Eco: Theoretical Objections and Counter-objections


Antoine-Louis-Claude Destutt de Tracy (1754-1836), Projet d’éléments d’idéologie, Paris, 1801. This copy in the Bibliothèque nationale de France. This work is in the public domain in its country of origin and other countries and areas where the copyright term is the author’s life plus 100 years or less. 

“A fundamental objection that can be applied to any of the a posteriori projects generically is that they can make no claim to having identified and artificially reorganized a content system.

They simply provide an expression system which aims at being easy and flexible enough to express the contents normally expressed in a natural language. Such a practical advantage is also a theoretical limit. If the a priori languages were too philosophical, their a posteriori successors are not philosophical enough.

The supporters of an IAL have neither paid attention to the problem of linguistic relativism, nor ever been worried by the fact that different languages present the world in different ways, sometimes mutually incommensurable.

They have usually taken it for granted that synonymous expressions exist from language to language, and the vast collection of books that have been translated into Esperanto from various of the world’s languages is taken as proof of the complete “effability” of this language (this point has been discussed, from opposite points of view, by two authors who are both traditionally considered as relativist, that is, Sapir and Whorfcf. Pellerey 1993: 7).

To accept the idea that there is a content system which is the same for all languages means, fatally, to take surreptitiously for granted that such a model is the western one. Even if it tries to distance itself in certain aspects from the Indo-European model, Esperanto, both in its lexicon and in its syntax, remains basically an Indo-European tongue.

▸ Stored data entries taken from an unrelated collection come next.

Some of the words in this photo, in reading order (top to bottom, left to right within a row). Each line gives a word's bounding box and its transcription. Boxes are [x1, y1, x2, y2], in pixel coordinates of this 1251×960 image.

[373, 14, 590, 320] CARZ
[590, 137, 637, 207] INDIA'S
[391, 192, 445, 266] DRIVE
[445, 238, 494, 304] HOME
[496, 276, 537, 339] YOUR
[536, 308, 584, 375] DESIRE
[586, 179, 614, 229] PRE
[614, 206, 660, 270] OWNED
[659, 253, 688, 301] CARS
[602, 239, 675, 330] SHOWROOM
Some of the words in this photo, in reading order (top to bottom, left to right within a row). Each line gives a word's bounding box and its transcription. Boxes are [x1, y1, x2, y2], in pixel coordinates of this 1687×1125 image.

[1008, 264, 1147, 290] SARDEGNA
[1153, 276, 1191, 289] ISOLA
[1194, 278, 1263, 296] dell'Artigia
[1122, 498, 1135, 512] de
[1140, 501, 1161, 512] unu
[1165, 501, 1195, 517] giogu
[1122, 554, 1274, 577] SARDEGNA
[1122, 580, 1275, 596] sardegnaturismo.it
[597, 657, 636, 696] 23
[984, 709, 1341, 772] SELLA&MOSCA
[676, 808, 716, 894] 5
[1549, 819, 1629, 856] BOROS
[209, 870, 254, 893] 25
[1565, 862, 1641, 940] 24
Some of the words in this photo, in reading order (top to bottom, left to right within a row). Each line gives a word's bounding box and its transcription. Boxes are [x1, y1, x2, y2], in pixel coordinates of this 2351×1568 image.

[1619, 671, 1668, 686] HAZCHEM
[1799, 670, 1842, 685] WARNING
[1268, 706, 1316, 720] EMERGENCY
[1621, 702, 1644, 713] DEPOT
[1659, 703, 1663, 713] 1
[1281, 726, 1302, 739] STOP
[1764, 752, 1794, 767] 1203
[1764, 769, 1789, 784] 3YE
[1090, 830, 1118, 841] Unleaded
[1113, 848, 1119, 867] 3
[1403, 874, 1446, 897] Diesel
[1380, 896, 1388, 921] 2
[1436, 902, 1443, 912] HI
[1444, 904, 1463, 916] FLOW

As Martinet observed, “the situation would have been different if the language had been invented by a Japanese” (1991: 681).

One is free to regard all these objections as irrelevant. A theoretical weak point may even turn out to be a practical advantage. One can hold that linguistic unification must, in practice, accept the use of the Indo-European languages as the linguistic model (cf. Carnap in Schlipp 1963:71).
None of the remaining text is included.